Although I am not a parent of a child with autism, I have been around such kids as well as those that are schizophrenic, depressed.
Its great that this topic is being included in the stories. I hope this will help to dispel, demystify autism, help people to understand.

Thanks for writing about this.


Jessica R. Patch said...

The book looks incredible. One of my dearest friends has an autistic son. He's precious. :)

Chelsea B. said...

My niece is autistic. She is wonderfully smart-- I'm very proud of her :-)
Wishing you much success!


Manzanita said...

Thank you Jennifer for hosting Terry Reed. I was drawn to the post because I love mysteries. I know nothing about autism, in fact I've never known anyone who had an autistic child. The name must have been around when I was raising my kids but no one ever heard it. I don't know if doctors knew about autism and just swept it under the rug or why there was never any mention of it.
This is an interesting post and I will certainly look up the book.

Maria said...

Very interesting post Terri! My nephew is autistic and doesn't speak much but he is beginning to use some words. He definitely has different needs than the ordinary child and presents his own set of challenges for my sister and brother in law but they are committed to raising him and keeping him at home. And you're right, there are a ton of websites and blogs with information on this condition. I have your book on my purchase list - I just read another book this week that was a romance that featured an autistic child and I'm looking forward to reading yours.


Terri Reed said...

Thanks Tammy, I hope the book doesn’t disappoint.
Diane, you’re right it is relevant.
Chelle, that’s for putting my book in your TBR pile. That’s sweet.
Beth, thanks for the encouragement. I think we all tend to write from our experiences.
Carol, you’re we have a long way to go. I’m sure one day there will be answers.
Nancy, and Jamie, thanks for your kind words.
Theresa, I love to do research and sprinkle in what I learn.
Heidi, I’m sure your friend will be grateful for your support as they learn more about autism.
Daeanarah, Jessica and Chelsea, thank you for your kind words.
Manzanita and Maria, I hope the book lives up to your expectations.
Thank you all for stopping by. And thank you to Jennifer for having me here. Its been a wonderful day.

Jackie S. said...

Your book sounds so interesting, Terri! I hope to read it!

Na said...

Thank you sharing us your reason for having an autistic child in your story.
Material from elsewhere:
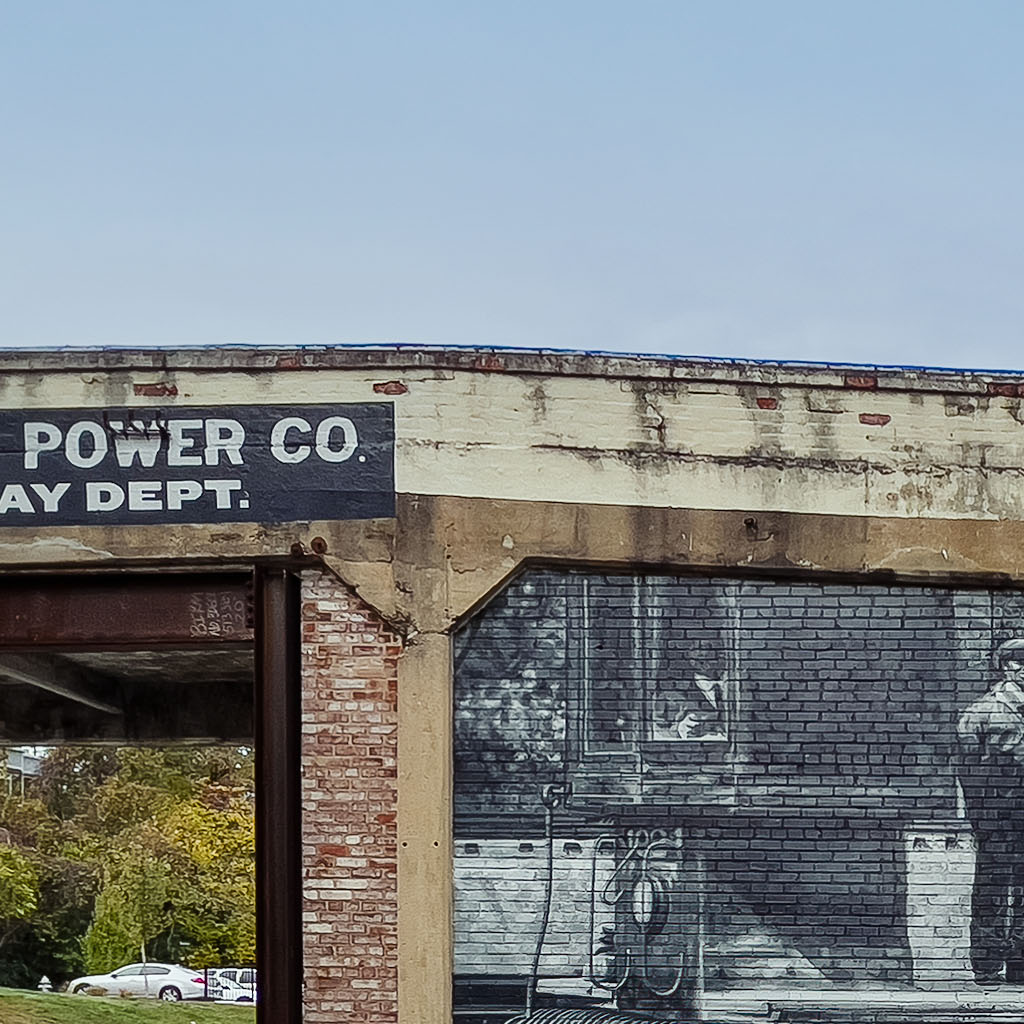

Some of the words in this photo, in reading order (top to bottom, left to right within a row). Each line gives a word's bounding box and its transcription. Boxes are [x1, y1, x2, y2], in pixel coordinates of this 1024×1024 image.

I think it will be an inspiring read to see how the adults and the child handle this issue. It just adds another valuable layer to the story.


Cynthia Selwyn said...

Great article, Terri. :) So often, writers talk about writing or their books (myself included) but to write about something like autism is great; you're teaching people something and touching their lives in a positive way.

Judith Leger said...

It's wonderful to see an author who is willing to push to the next level by adding an aspect to their novel that is not normally found in other books. Wishing you the very best with your writing!

Sandra Cox said...

Looks like a great read, Terri. Wishing you many sales.

Cheryl said...

Wow! This sounds like a fabulous book.

Wishing you the best,


Terri Reed said...

Jackie S., thanks for commenting.
Na, I'm all about layers. LOL. I give a workshop at writers groups about layering.
Thank you Cynthia for your kind words.
Judith, thank you for the encouragement. I appreciate it.
Sandra, sales are good. LOL. Thank you for stopping by
Cheryl, thanks for the good wishes. Appreciate it.

Suze said...

Nice of you to host another author, Jen.

Jeanette Levellie said...

I'm so glad you included this character in your story. I was deeply touched recently when I saw the movie, "Temple Grandin," a true story of a woman with autism who overcame mountainous odds to invent a humane way to slaughter beef. She also teaches at a university. Wonderful expose' on autism and its ramifications.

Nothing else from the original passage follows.